## [EXERCISE OBJECTIVE]
The lines to be extracted begin at the line containing "this 908×1600 image." and end at the last line of the data below; copy them exactly and leave out the pictures.

## [SOURCE DATA]
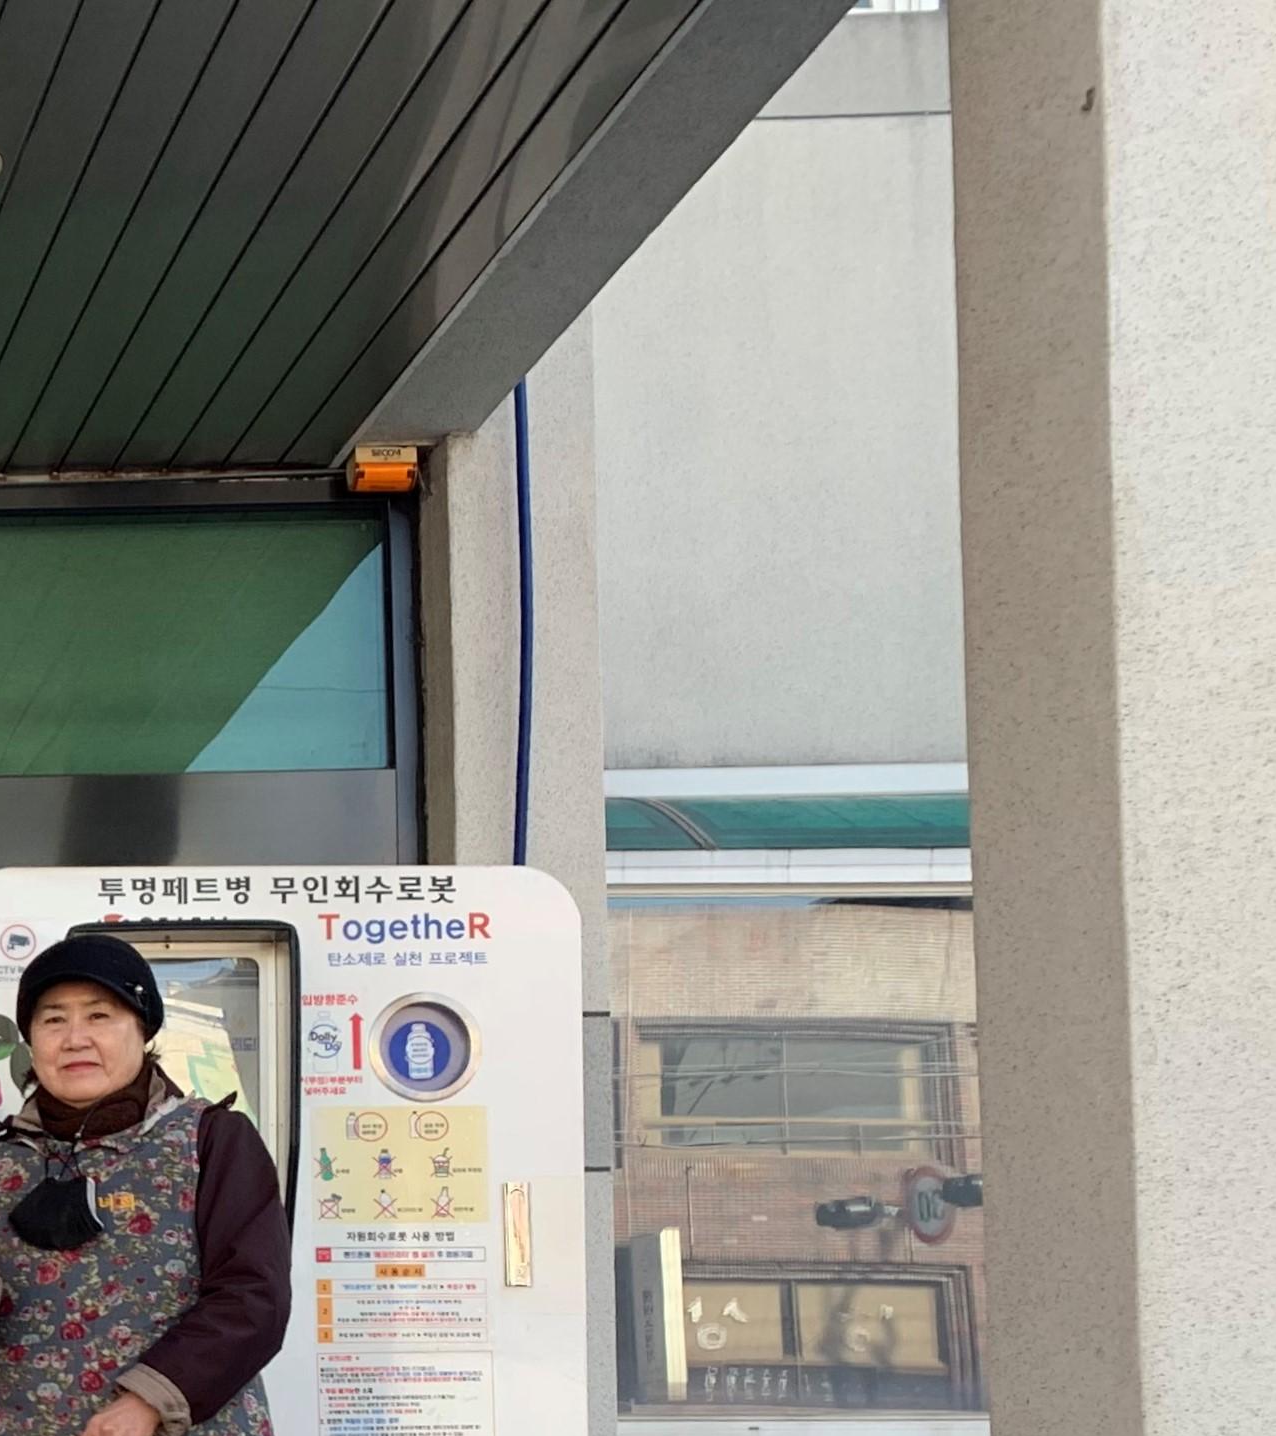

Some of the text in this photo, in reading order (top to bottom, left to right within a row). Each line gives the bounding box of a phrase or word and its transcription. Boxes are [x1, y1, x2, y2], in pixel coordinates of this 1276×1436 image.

[97, 873, 457, 905] 투명페트병 무인회수로봇
[317, 911, 492, 946] TogetheR
[327, 950, 488, 967] 탄소제로 실천 프로젝트
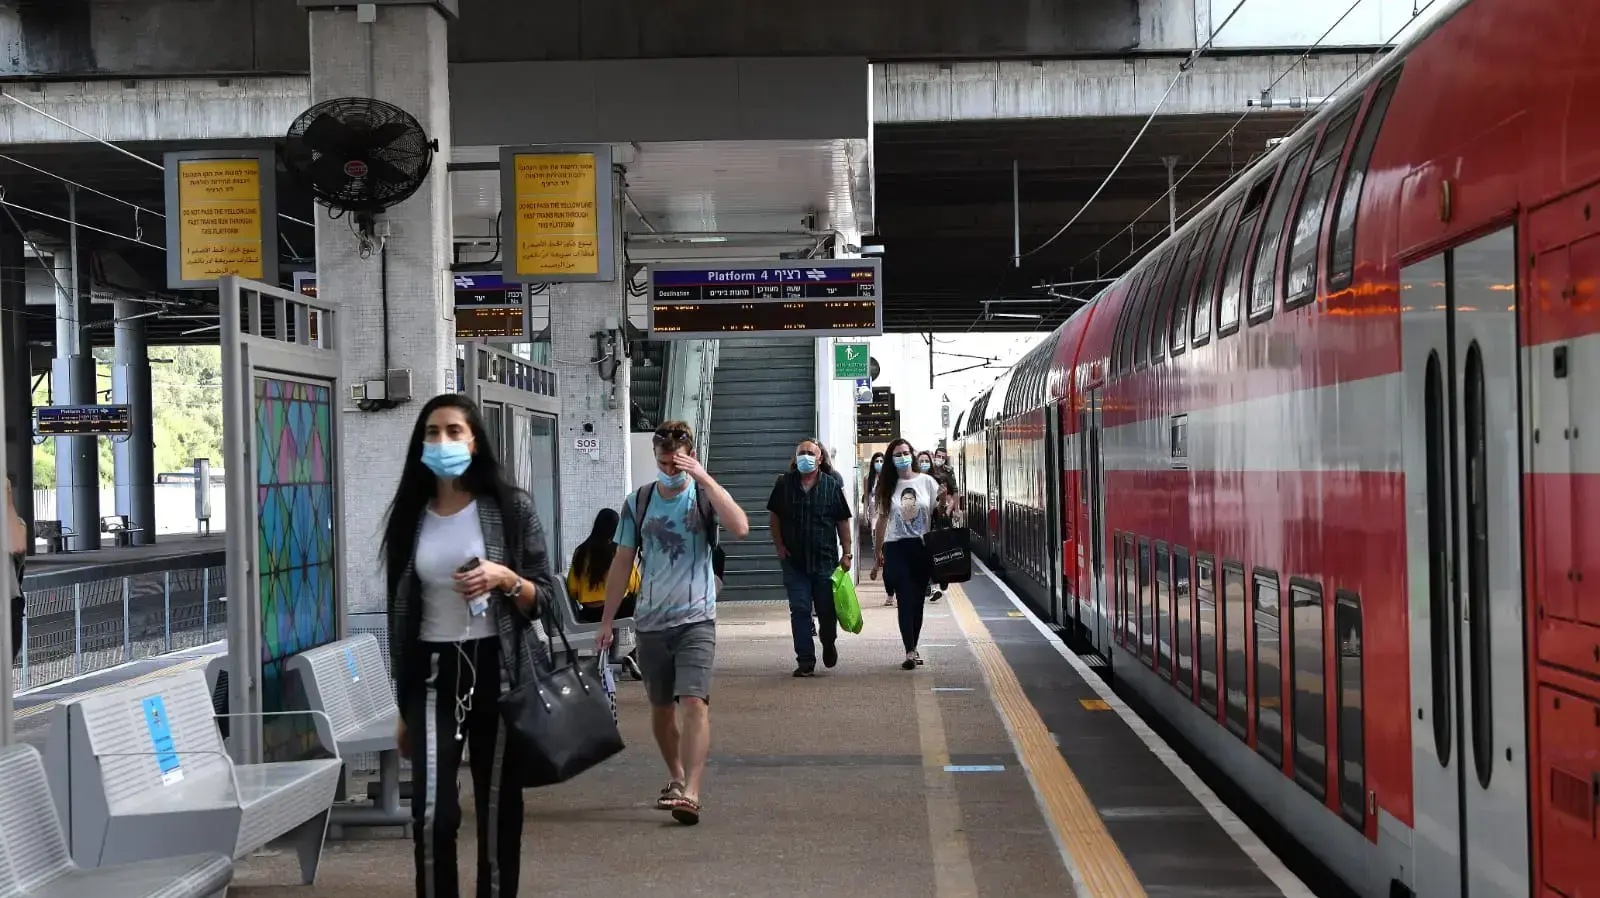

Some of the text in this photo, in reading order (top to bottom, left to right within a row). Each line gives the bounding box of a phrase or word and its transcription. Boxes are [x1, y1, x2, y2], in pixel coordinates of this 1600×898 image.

[708, 270, 800, 281] Platform 4 רציף
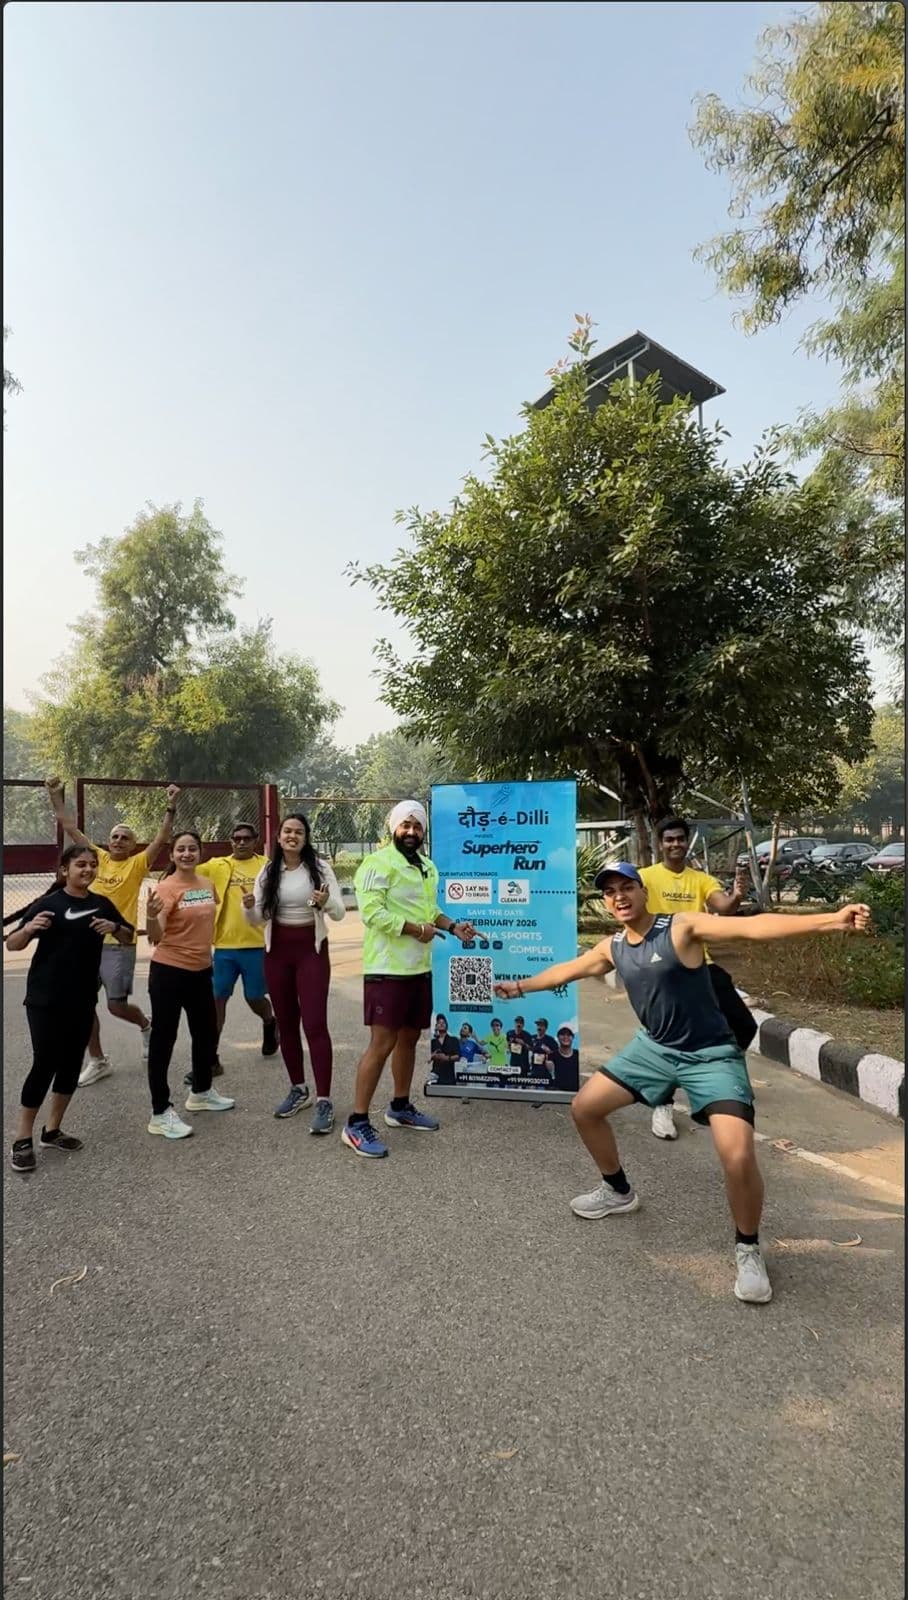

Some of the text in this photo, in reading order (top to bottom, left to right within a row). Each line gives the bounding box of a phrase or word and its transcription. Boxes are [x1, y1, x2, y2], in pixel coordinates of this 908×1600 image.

[462, 840, 539, 858] Superhero
[513, 856, 546, 871] Run
[467, 908, 486, 916] SAVE
[516, 919, 537, 927] 2026
[501, 931, 543, 941] SPORTS
[508, 945, 554, 954] COMPLEX
[494, 973, 511, 981] WIN
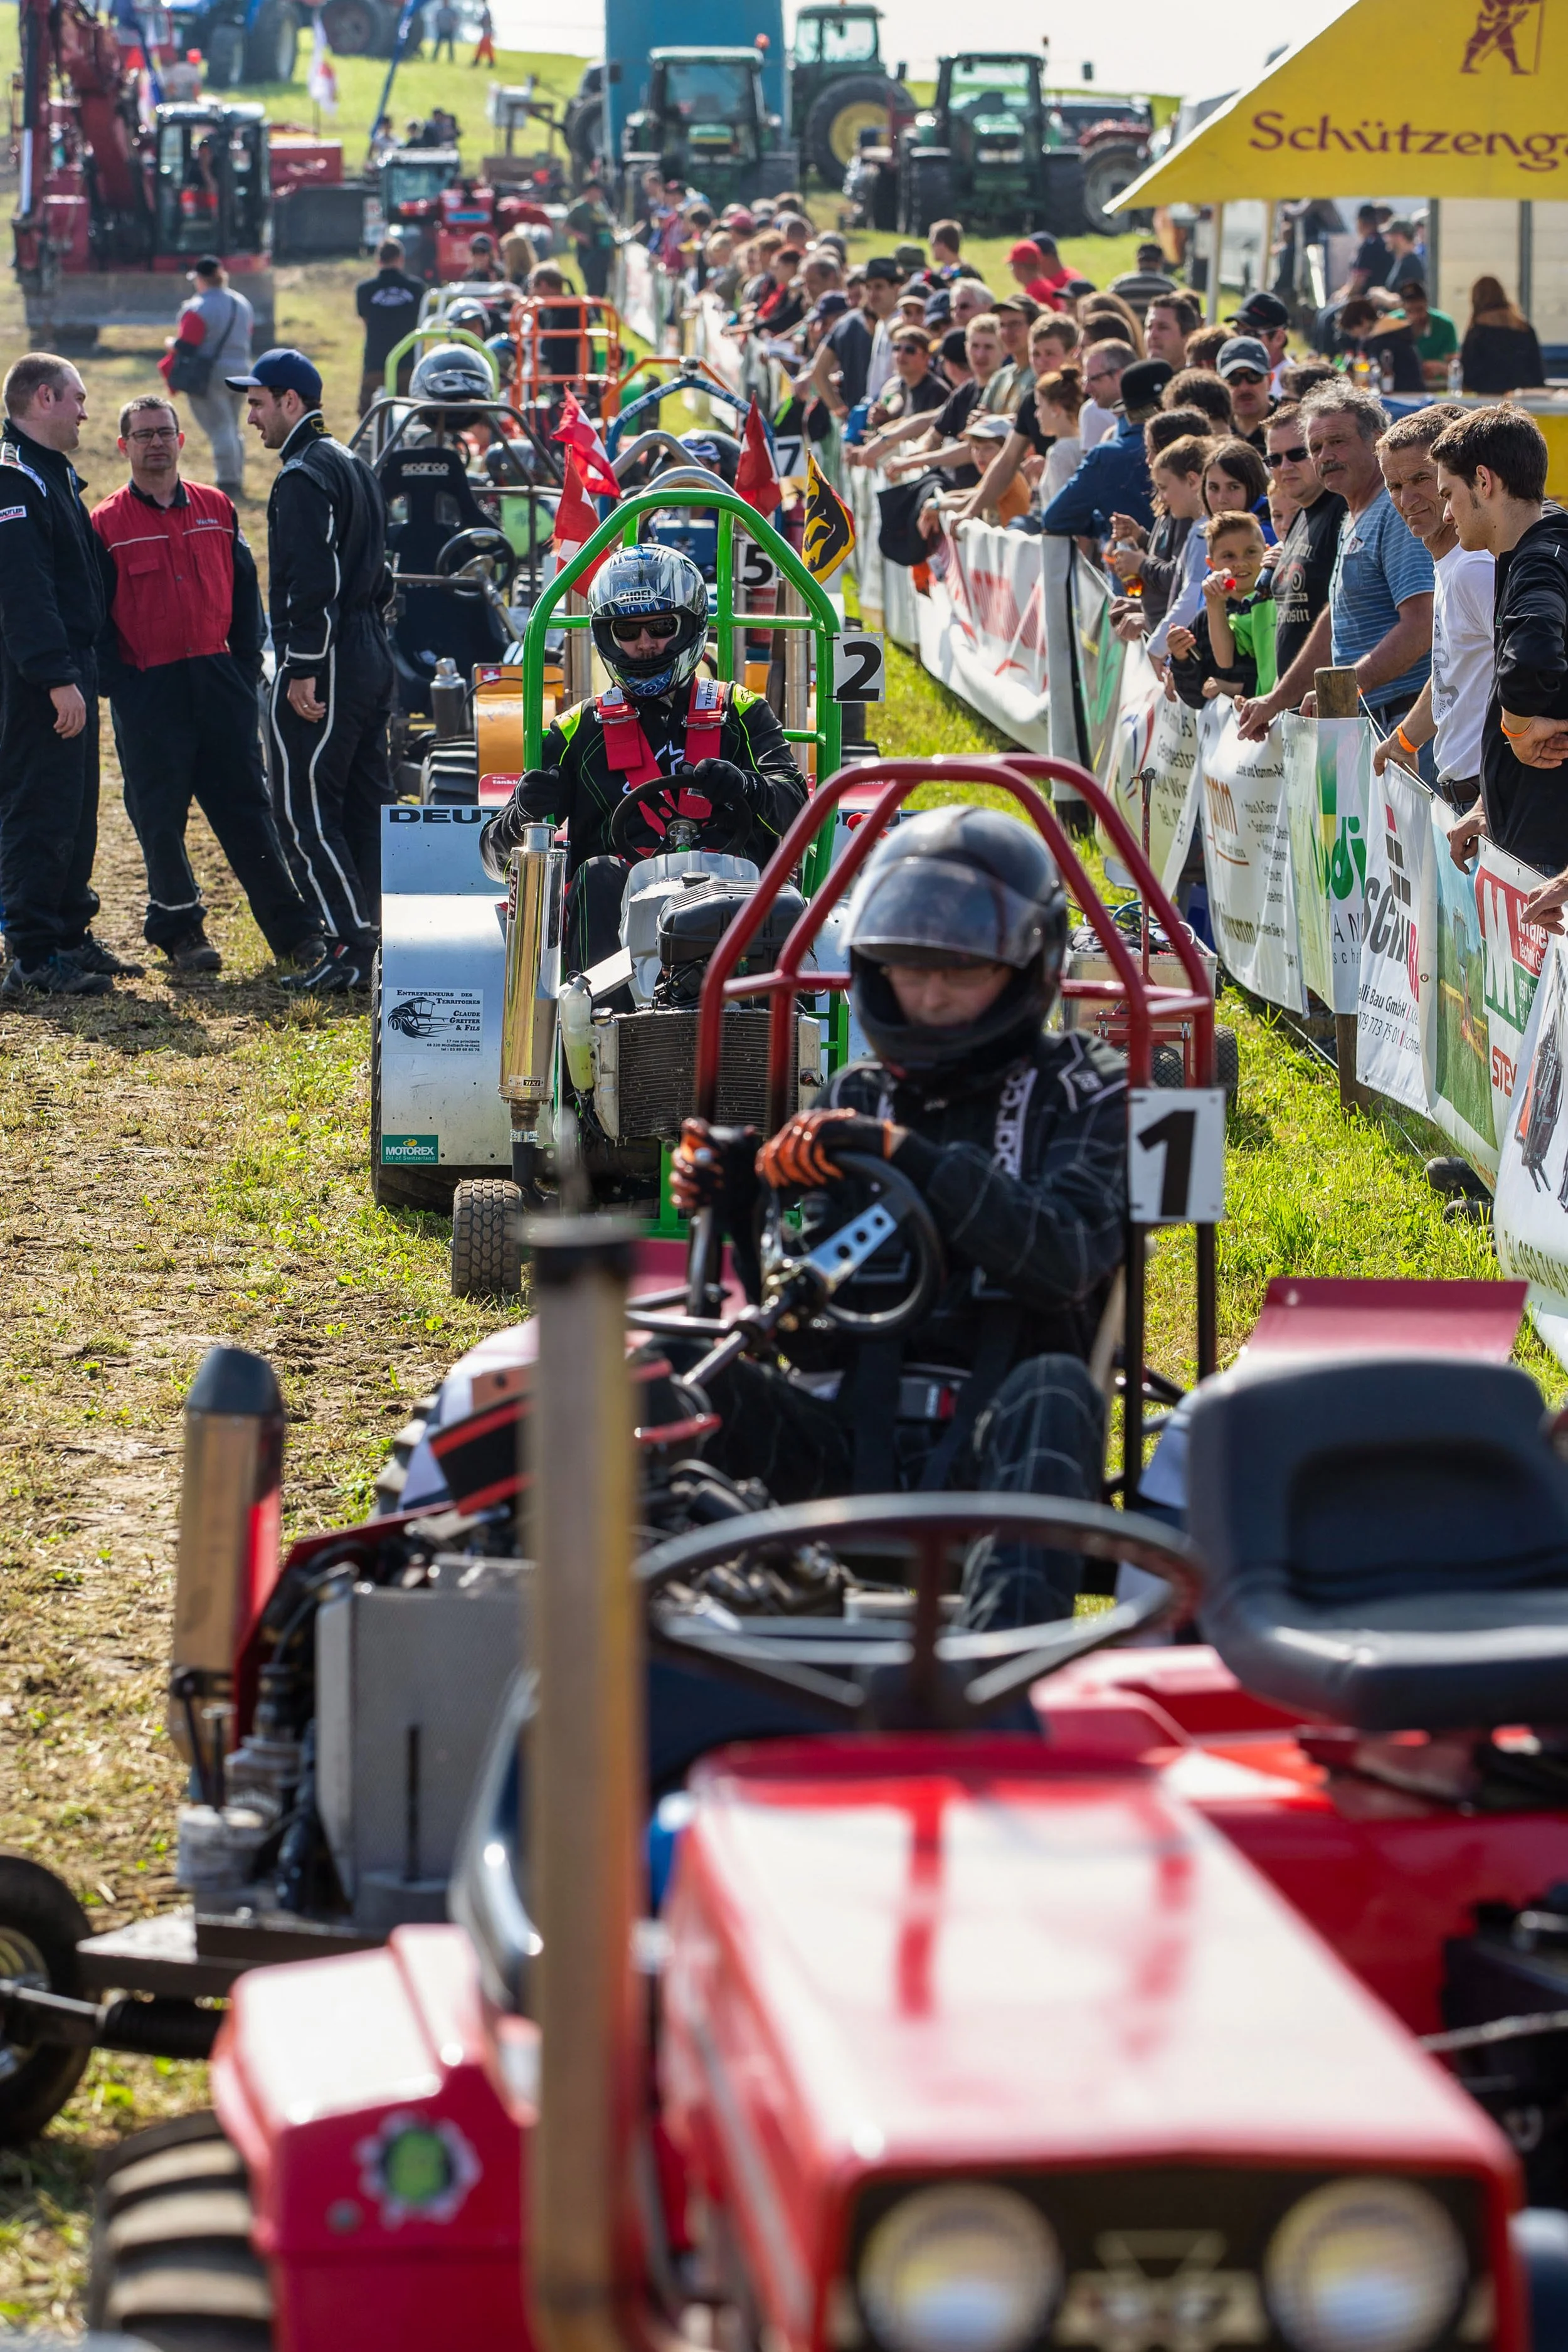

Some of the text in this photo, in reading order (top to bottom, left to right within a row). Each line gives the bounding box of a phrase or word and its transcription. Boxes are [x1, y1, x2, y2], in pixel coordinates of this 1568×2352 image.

[1249, 110, 1568, 172] Schützeng
[778, 443, 800, 476] 7
[743, 544, 773, 586] 5
[618, 590, 652, 603] SHOEI
[836, 641, 882, 701] 2
[389, 809, 501, 824] DEUT
[1369, 989, 1385, 1009] Bau
[1385, 996, 1407, 1019] GmbH
[1368, 1017, 1383, 1036] 773
[1382, 1023, 1393, 1041] 75
[386, 1147, 435, 1155] MOTOREX
[1137, 1110, 1196, 1217] 1

## [COMPLETED EXERCISE]
Some of the text in this photo, in reading order (top to bottom, left to right within a row). Each line gives the bounding box of a phrase or word and its transcription. Boxes are [x1, y1, x2, y2], in pixel coordinates of this 908×1600 image.

[462, 840, 539, 858] Superhero
[513, 856, 546, 871] Run
[467, 908, 486, 916] SAVE
[516, 919, 537, 927] 2026
[501, 931, 543, 941] SPORTS
[508, 945, 554, 954] COMPLEX
[494, 973, 511, 981] WIN

Some of the text in this photo, in reading order (top to bottom, left to right within a row). Each line gives the bounding box of a phrase or word and its transcription. Boxes are [x1, y1, x2, y2], in pixel coordinates of this 1568×2352 image.

[1249, 110, 1568, 172] Schützeng
[778, 443, 800, 476] 7
[743, 544, 773, 586] 5
[618, 590, 652, 603] SHOEI
[836, 641, 882, 701] 2
[389, 809, 501, 824] DEUT
[1369, 989, 1385, 1009] Bau
[1385, 996, 1407, 1019] GmbH
[1368, 1017, 1383, 1036] 773
[1382, 1023, 1393, 1041] 75
[386, 1147, 435, 1155] MOTOREX
[1137, 1110, 1196, 1217] 1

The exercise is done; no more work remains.